Anyhow, you can argue until you are blue in the face, but the person you are defending here (Fraley) already admits the investigation of that list was not complete.

That is the issue. Sorry you don't like it. Your beloved Sheriff's department did not properly investigate.
No, he didn't testify that he guessed her password. That isn't what he was talking about. He wasn't talking about voicemails when he said that. He was talking about when him and her other friends pulled up her phone records. Buting then asked if he had ever checked her voicemail and he said no. I asked but you ignored, were all the friends in on it? Were they all working together to kill TH, cover up the murder? what.. Should this have been a thought the detectives had? Because they all collectively guessed the password and RH said that he thinks the password auto populated.

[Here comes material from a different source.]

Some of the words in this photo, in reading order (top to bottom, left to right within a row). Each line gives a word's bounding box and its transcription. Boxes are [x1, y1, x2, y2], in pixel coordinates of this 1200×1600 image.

Also, I haven't see the harassing TH thing substantiated so I am not even sure if it happened.
04-04-2016 , 01:37 PM
Quote:
Originally Posted by lkasigh Making a Murderer
The point I am making is that they are not "more likely suspects" once you know any facts about the case.
You are right. There are not more likely suspects.

Well, that is until 6 months later when Brendan Dassey is interrogated and confesses. New information/evidence was provided which led to an additional suspect being charged.

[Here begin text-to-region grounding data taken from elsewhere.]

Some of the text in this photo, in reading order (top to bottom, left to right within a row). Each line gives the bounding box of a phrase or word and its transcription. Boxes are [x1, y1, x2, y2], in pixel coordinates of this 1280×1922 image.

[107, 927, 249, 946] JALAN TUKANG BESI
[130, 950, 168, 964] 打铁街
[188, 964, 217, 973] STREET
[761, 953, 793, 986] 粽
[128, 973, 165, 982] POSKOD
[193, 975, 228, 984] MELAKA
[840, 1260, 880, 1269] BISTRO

Do you think it would have been ok for BD to have been allowed to log-in and walk the crime scene?
04-04-2016 , 01:50 PM
No, because BD lived on the property where TH went missing.
04-04-2016 , 01:51 PM
He also wasn't working with all her friends to find her.
04-04-2016 , 02:23 PM
Quote:
Originally Posted by the orange crush Making a Murderer
through about 850 posts, its funny that the king moron of the thread so far is named "poor skills"

lol
You still have many pages of this to look forward to:

Spoiler:


04-04-2016 , 02:24 PM
Quote:
Originally Posted by lkasigh Making a Murderer
Correct. Both are true. Before they found the vehicle, they didn't know whether there was any crime to investigate.

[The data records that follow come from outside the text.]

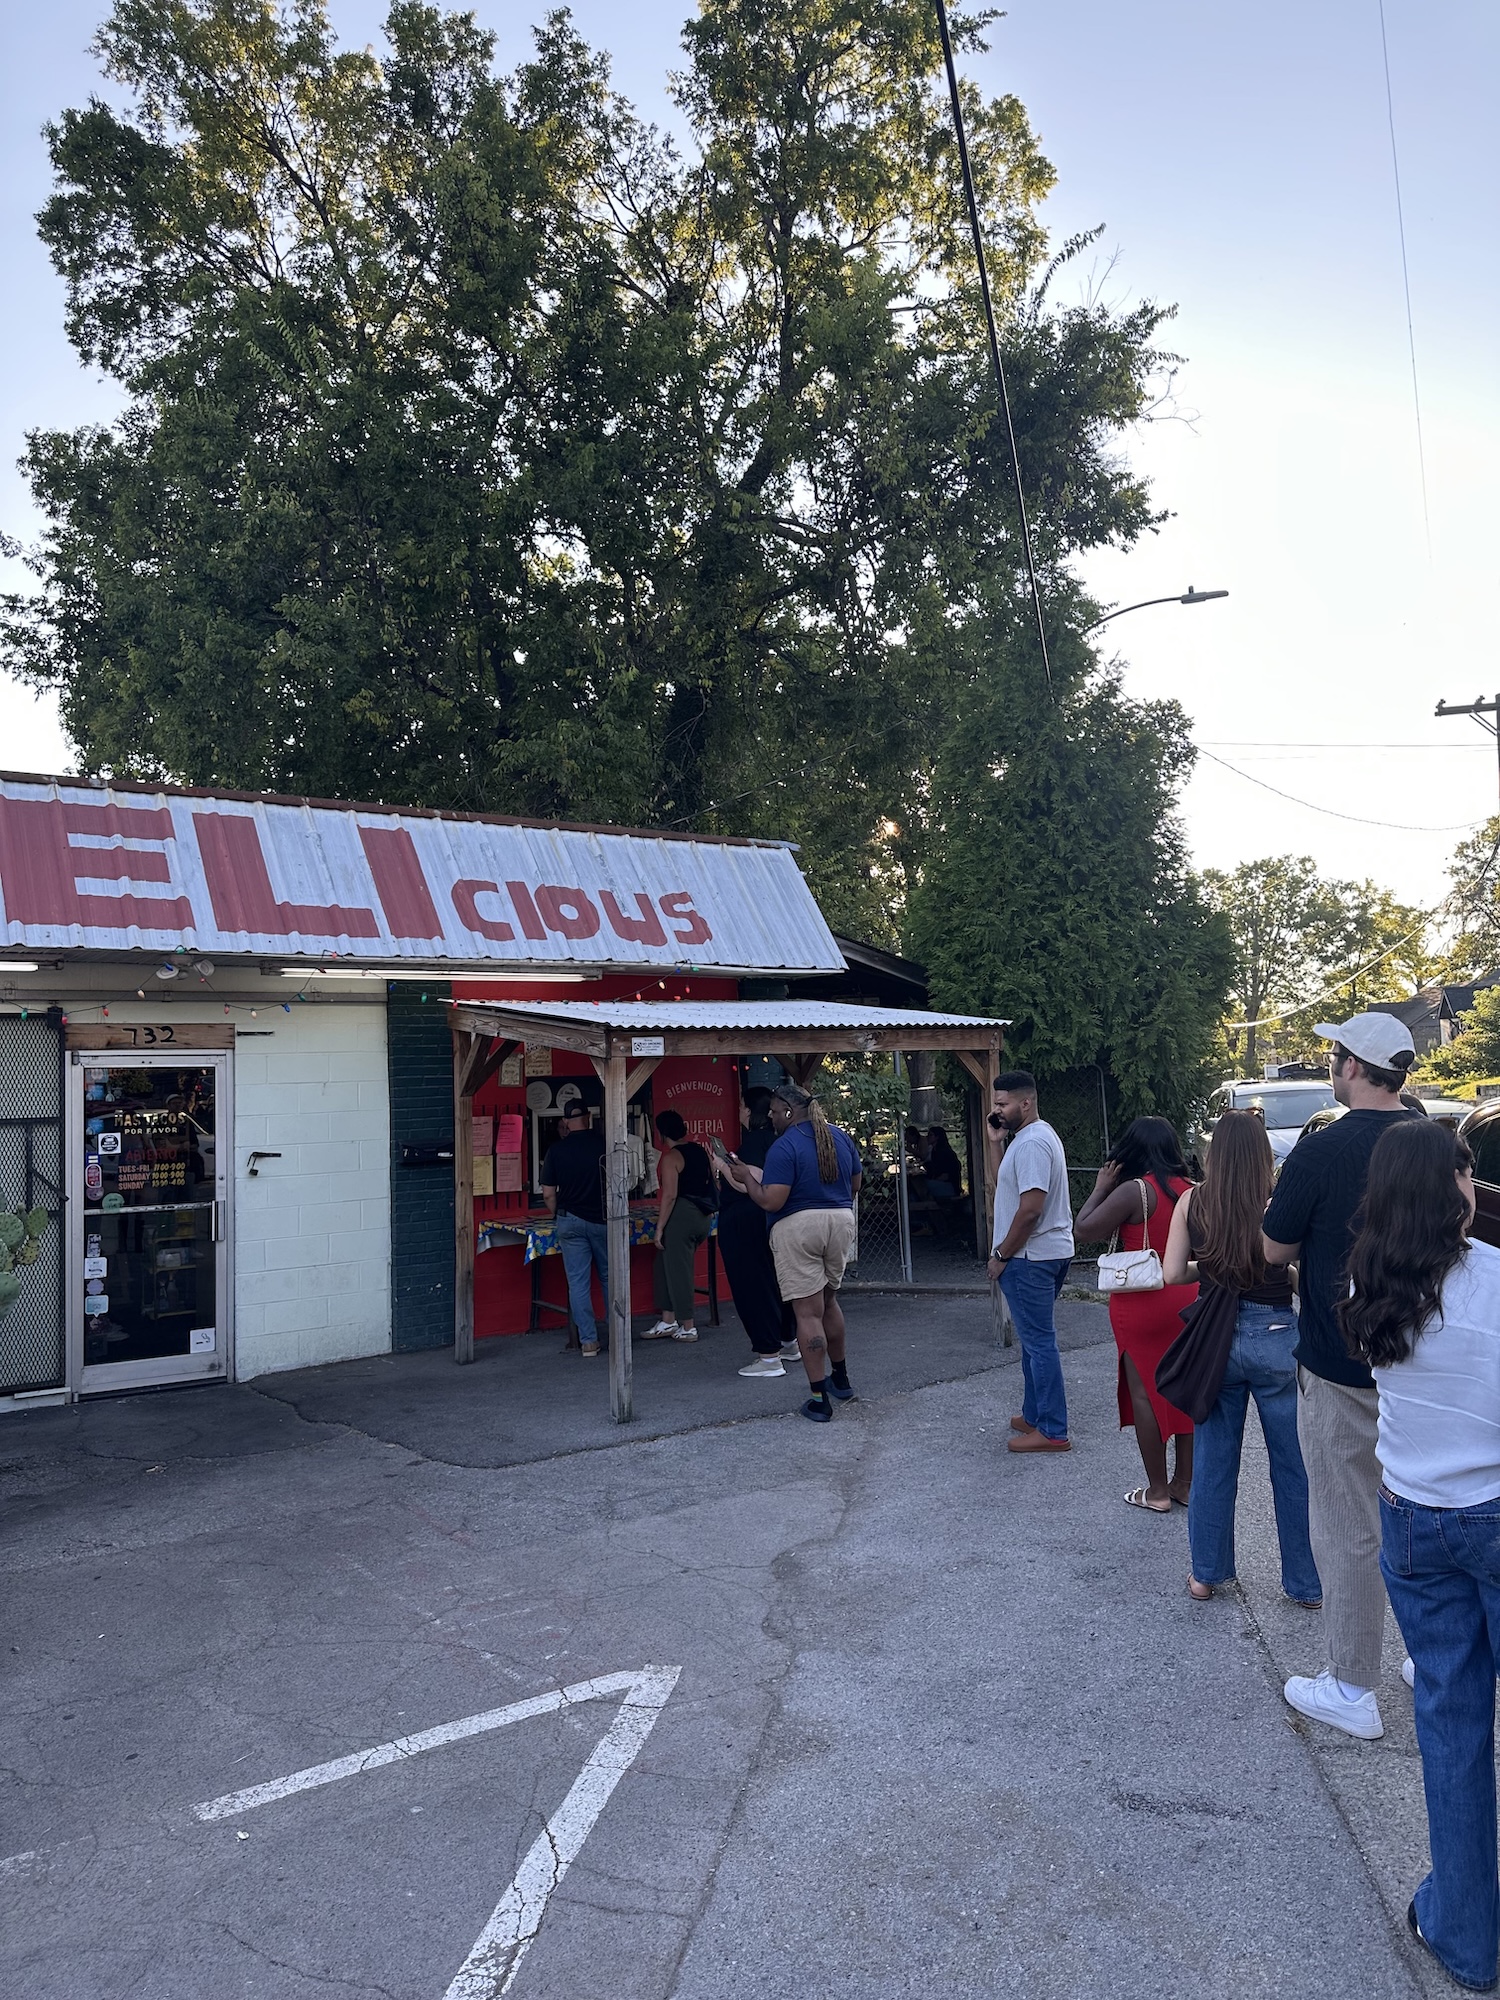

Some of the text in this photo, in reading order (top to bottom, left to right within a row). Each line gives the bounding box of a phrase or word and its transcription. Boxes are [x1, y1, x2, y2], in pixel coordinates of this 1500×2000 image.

[122, 1025, 177, 1047] 732
[666, 1080, 723, 1099] BIENVENIDOS
[683, 1118, 724, 1134] QUERIA
[118, 1172, 151, 1182] SATURDAY
[118, 1181, 145, 1191] SUNDAY

After they found it they knew a crime had been committed and upon investigation all the evidence pointed towards Avery.
What was all the evidence the pointed towards Avery?

It turns out, according to the state, there was an accomplice in the rape/murder. Who was convicted by a jury.
04-04-2016 , 02:39 PM
Quote:
Originally Posted by golfnutt Making a Murderer
What was all the evidence the pointed towards Avery?

It turns out, according to the state, there was an accomplice in the rape/murder. Who was convicted by a jury.
His blood in her car. Her bones in his fire pit. Her car keys in his house.

Again, I know you believe there is reasonable doubt that these were all planted. I'm asking you to ignore the possibility of planting and explain whether, after these pieces of evidence were found, it would have made sense to bring the victim's ex boyfriend(s) (who had no connection to Avery) for interrogation?